Records drawn from a dataset:

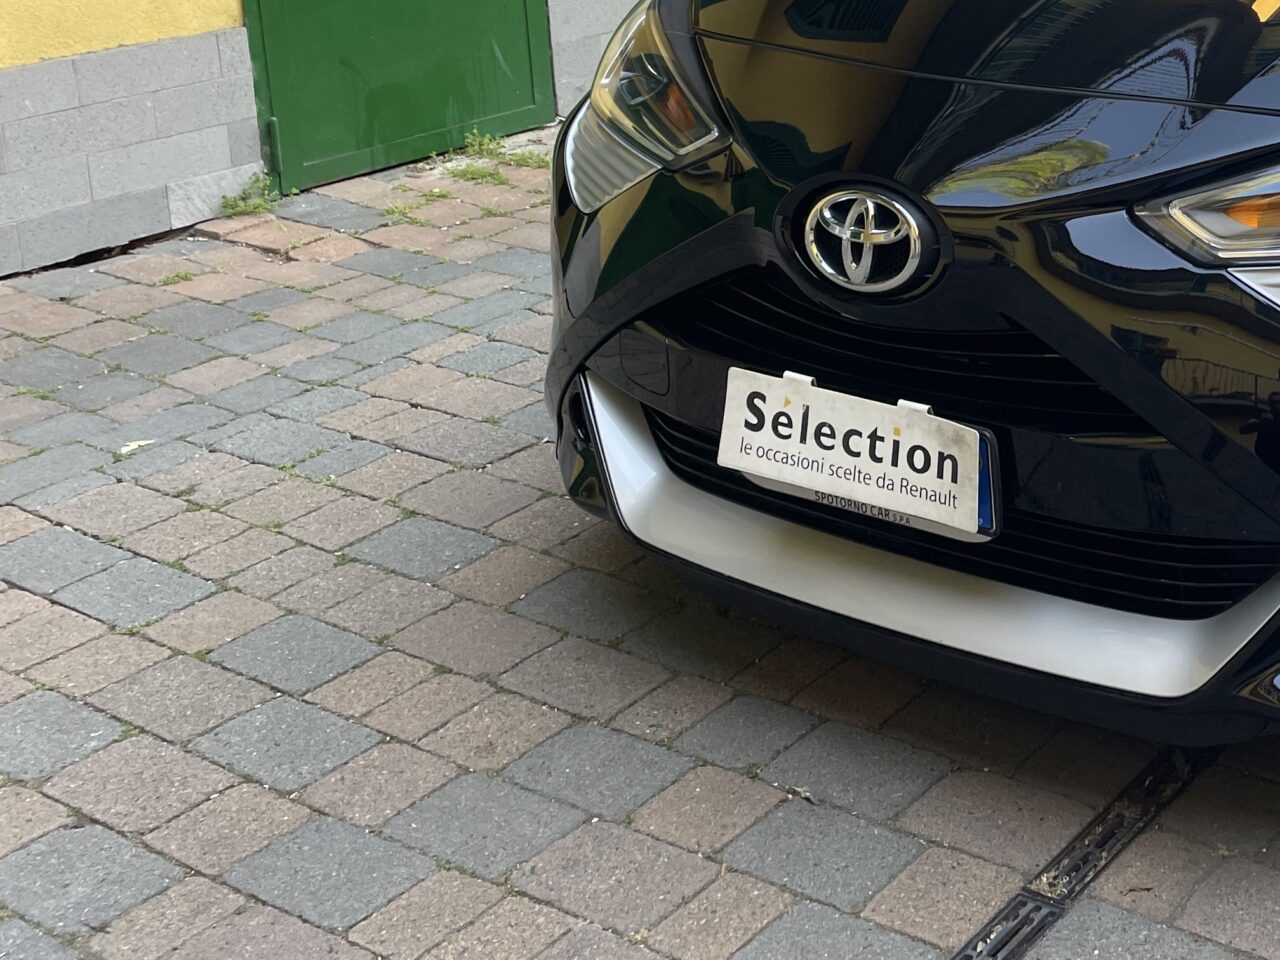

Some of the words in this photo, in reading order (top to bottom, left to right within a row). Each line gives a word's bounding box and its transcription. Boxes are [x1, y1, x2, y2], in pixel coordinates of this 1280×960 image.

[740, 436, 752, 455] le
[756, 446, 824, 474] occasioni
[828, 464, 872, 486] scelte
[876, 472, 895, 492] da
[900, 477, 958, 510] Renault
[814, 491, 867, 514] SPOTORNO
[870, 505, 890, 520] CAR
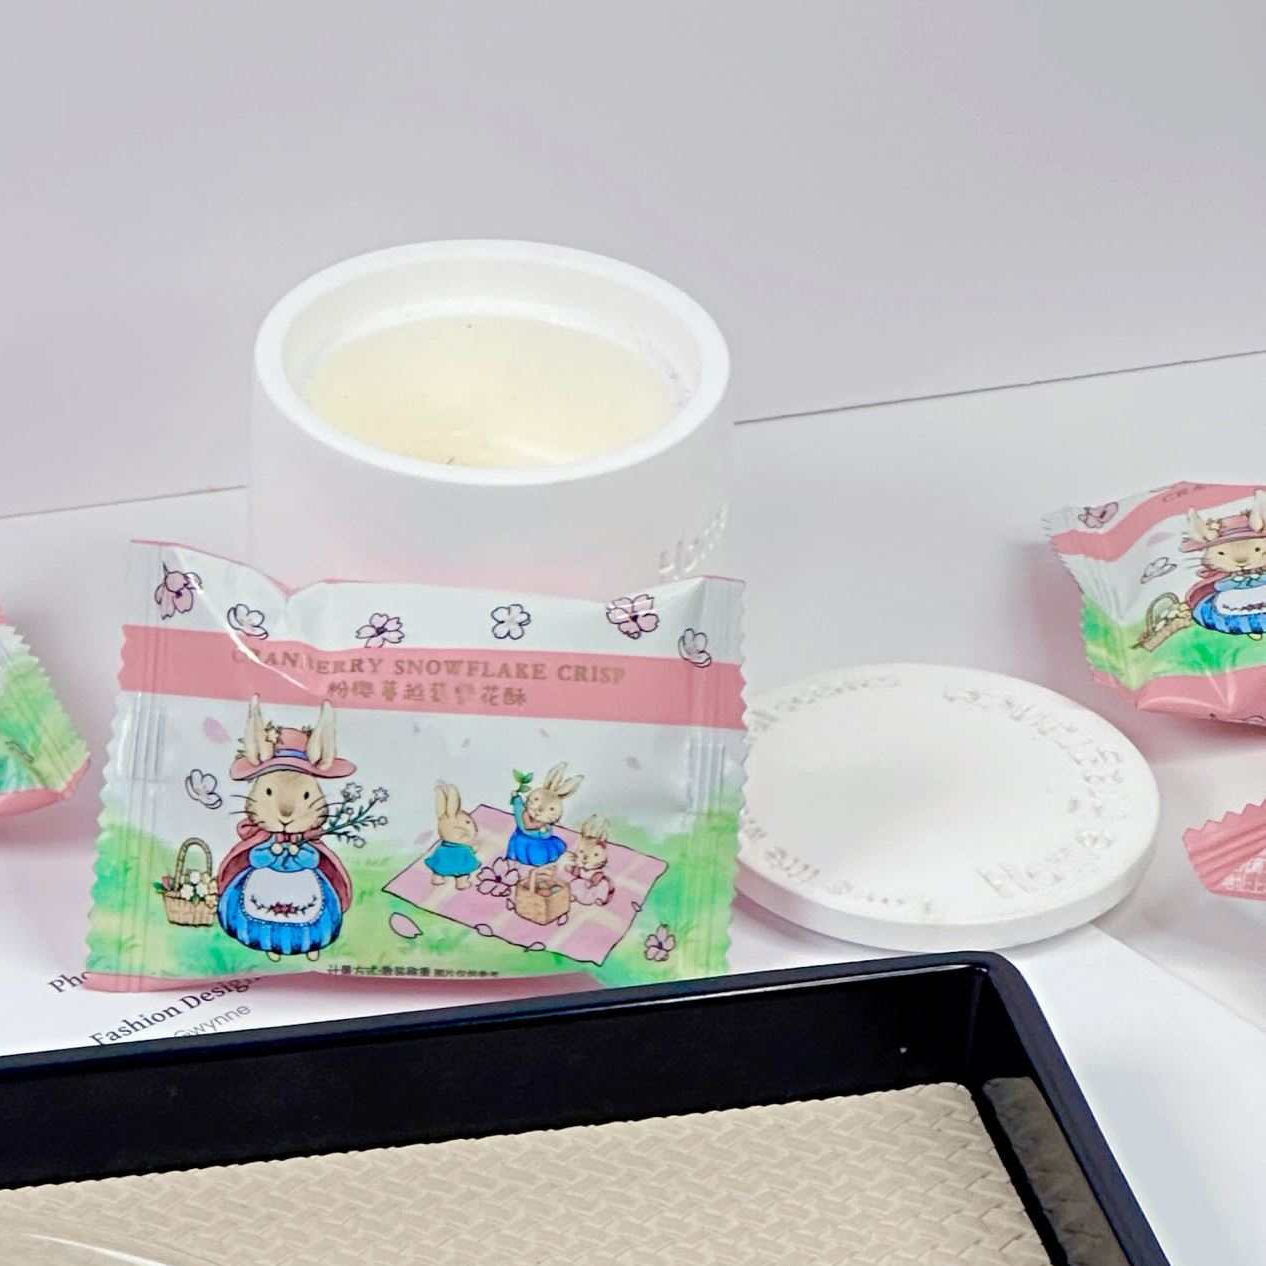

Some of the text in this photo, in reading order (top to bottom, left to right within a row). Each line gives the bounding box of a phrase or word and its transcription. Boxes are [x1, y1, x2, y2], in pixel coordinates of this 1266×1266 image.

[394, 658, 547, 681] SNOWFLAKE
[557, 663, 626, 685] CRISP
[90, 1004, 182, 1046] Fashion

**Problem details**
Return exactly the lines from the one containing "Some of the text" to the last line of the data, and nothing more.

**Answer space**
Some of the text in this photo, in reading order (top to bottom, left to right within a row). Each line gives the bounding box of a phrase or word and its transcription. Boxes are [x1, y1, x2, y2], in pixel coordinates of this 1266×1266 image.

[394, 658, 547, 681] SNOWFLAKE
[557, 663, 626, 685] CRISP
[90, 1004, 182, 1046] Fashion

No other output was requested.